A juicy, protein-packed burger loaded with chopped spinach and melty white cheddar — light, flavorful, and perfect for weeknight dinners.


Ingredients

Scale
  • 1 pound minced (ground) chicken
  • 1 cup tightly packed fresh spinach, very finely chopped
  • 1/2 cup grated white cheddar
  • 1/4 cup breadcrumbs
  • 1/4 cup finely diced onion
  • 2 cloves garlic, minced
  • 1 tablespoon Dijon mustard
  • 1 teaspoon Worcestershire sauce
  • Salt and freshly ground black pepper, to taste
  • Olive oil (for frying)
  • 4 burger rolls or buns
  • Optional: lettuce, tomato slices, extra cheese, or your favorite condiments


Instructions

  1. Combine the mix: In a large bowl, gently fold together the ground chicken, chopped spinach, white cheddar, breadcrumbs, diced onion, minced garlic, Dijon, Worcestershire, and a pinch of salt and pepper.
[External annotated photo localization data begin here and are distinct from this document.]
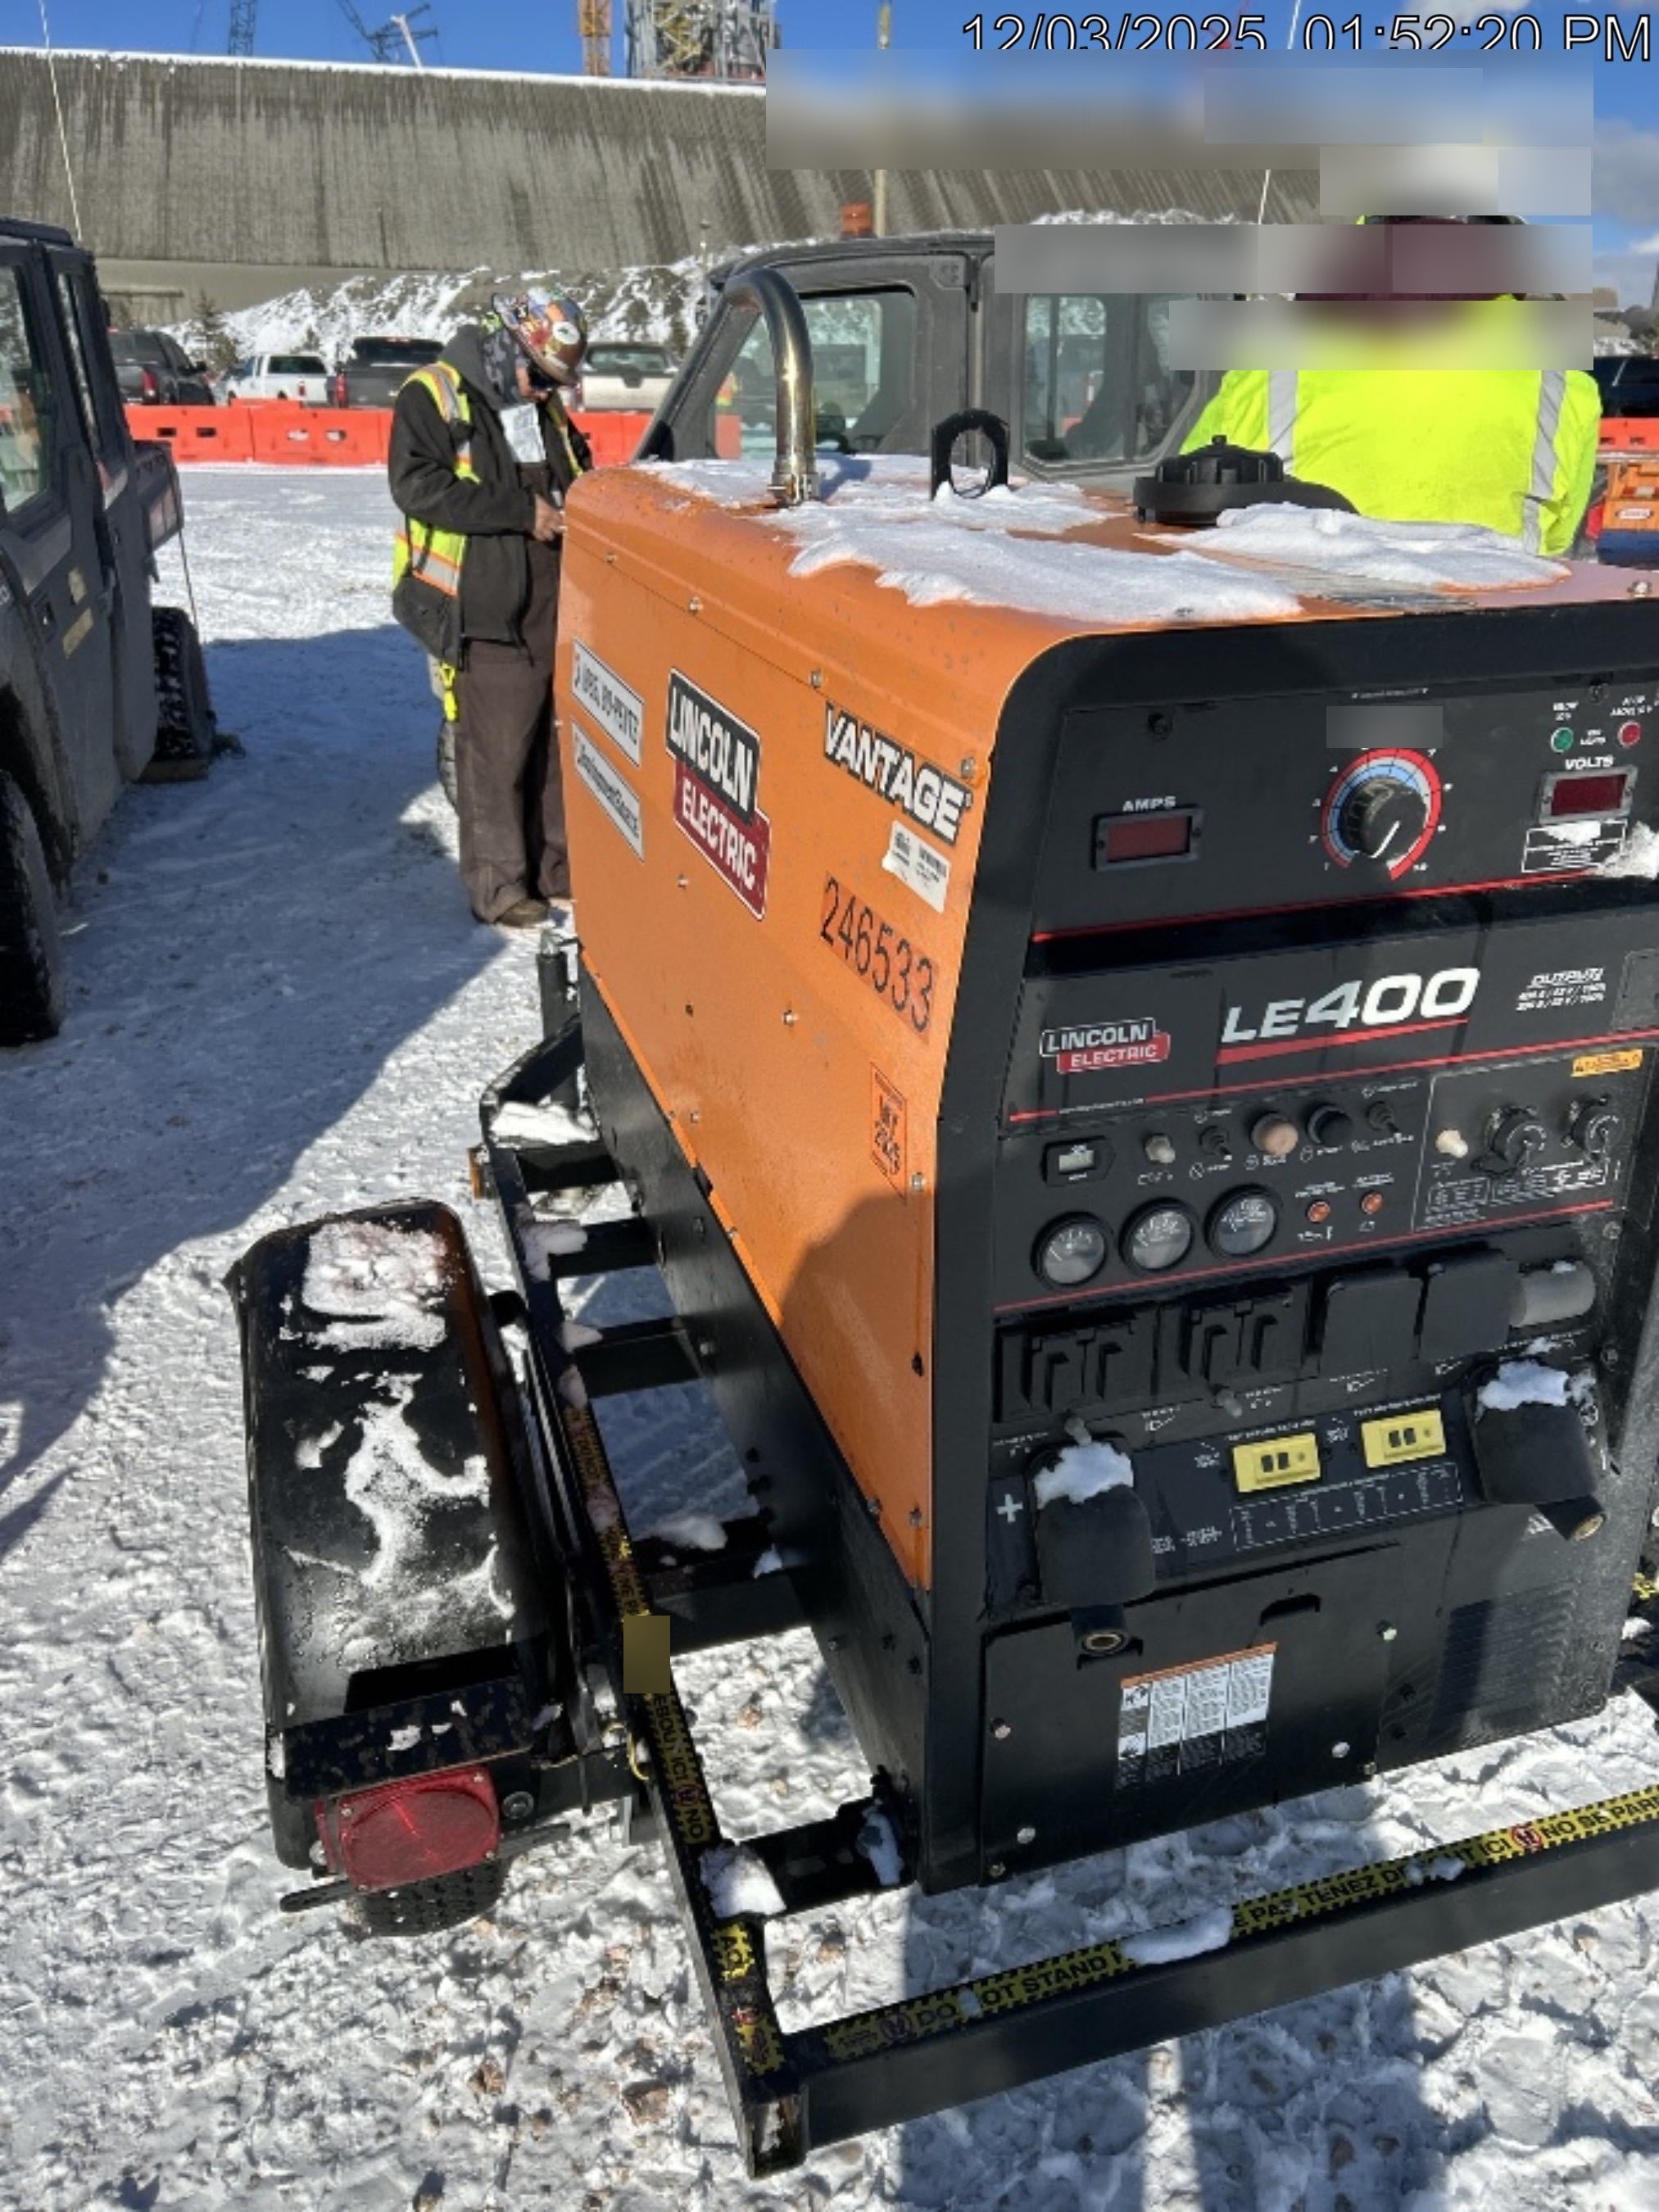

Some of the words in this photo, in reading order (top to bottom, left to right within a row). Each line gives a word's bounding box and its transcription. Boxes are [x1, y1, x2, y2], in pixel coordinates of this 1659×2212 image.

[670, 687, 754, 812] LINCOLN
[824, 705, 963, 843] VANTAGE
[1565, 755, 1614, 770] VOLTS
[682, 779, 757, 891] ELECTRIC
[1122, 795, 1176, 813] AMPS
[821, 877, 933, 1033] 246533
[1047, 1023, 1149, 1052] LINCOLN
[1221, 967, 1480, 1044] LE400
[1070, 1043, 1158, 1068] ELECTRIC
[687, 1808, 705, 1838] NO
[916, 2001, 958, 2028] DO
[1022, 1955, 1108, 1995] STAND
[1304, 1873, 1377, 1906] TENEZ
[1479, 1837, 1513, 1856] ICI
[1540, 1820, 1576, 1839] NO
[1578, 1811, 1611, 1829] SE
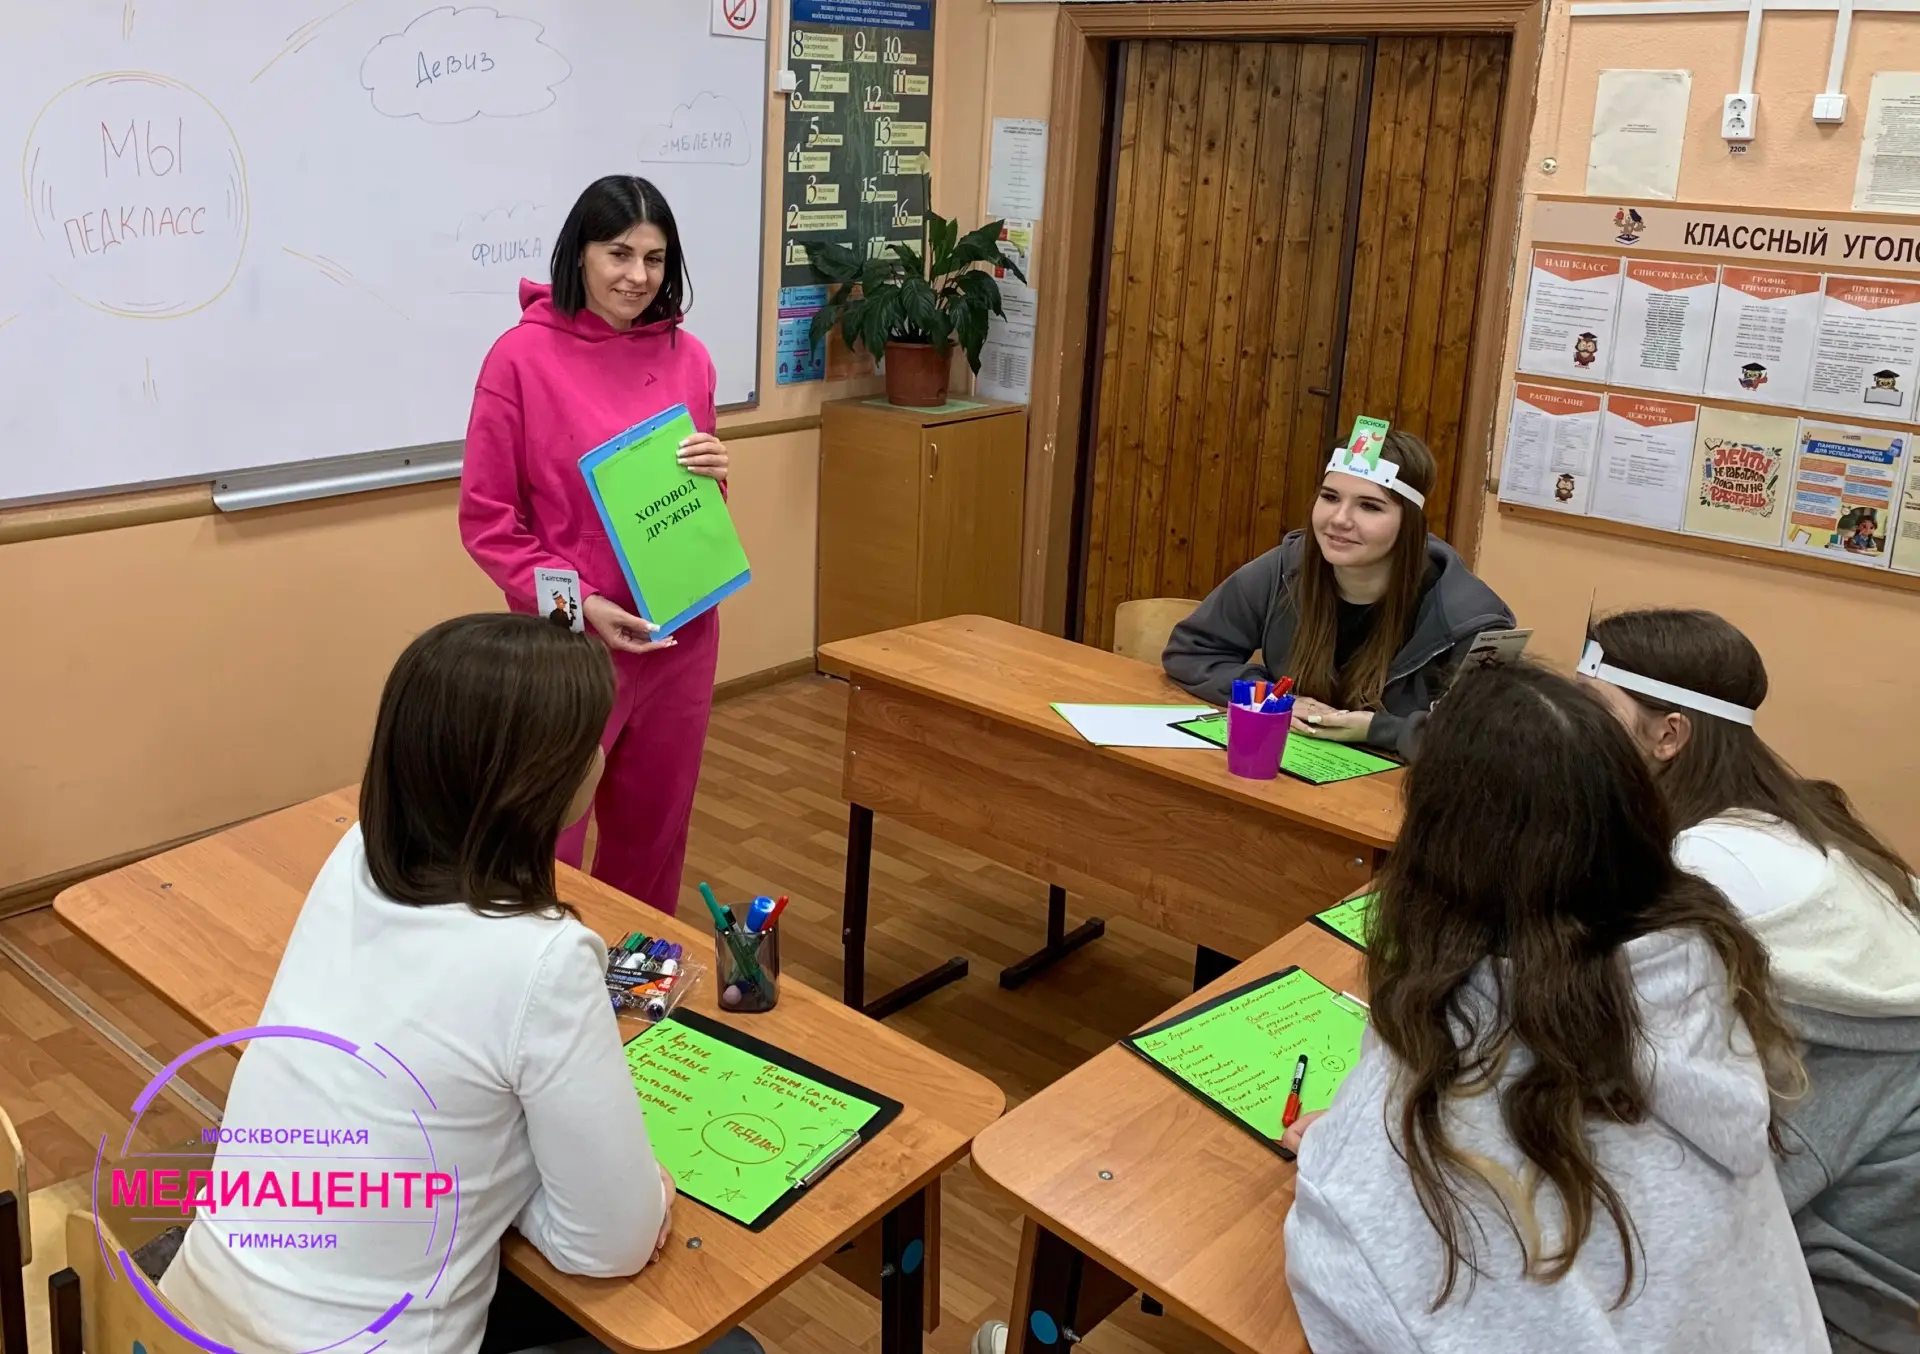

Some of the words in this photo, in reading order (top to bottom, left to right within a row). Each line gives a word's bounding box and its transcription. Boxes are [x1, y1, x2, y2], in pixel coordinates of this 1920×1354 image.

Mix only until everything is evenly distributed — avoid compacting the meat.
  2. Form the patties: Divide the mixture into four portions and press each into a round patty about ¾ inch thick. Make a slight indentation in the center of each patty to help them cook flat.
  3. Cook: Warm a skillet over medium heat and add a drizzle of olive oil. Pan-fry the patties 5–6 minutes per side, turning once, until they develop a golden crust and an internal temperature of 165°F (75°C) is reached.
  4. Rest and build: Let the cooked burgers rest for a few minutes to retain juices. Place each patty on a bun and top with lettuce, tomato, extra cheese, or whatever you like.
  5. Serve: Enjoy alongside a green salad, oven-baked fries, or wrapped in lettuce for a lighter option.

Notes

Storage note: Refrigerate any cooked leftovers in an airtight container for up to 3–4 days; reheat gently in a skillet. Raw patties can be formed ahead and kept in the fridge for one day or frozen for longer storage.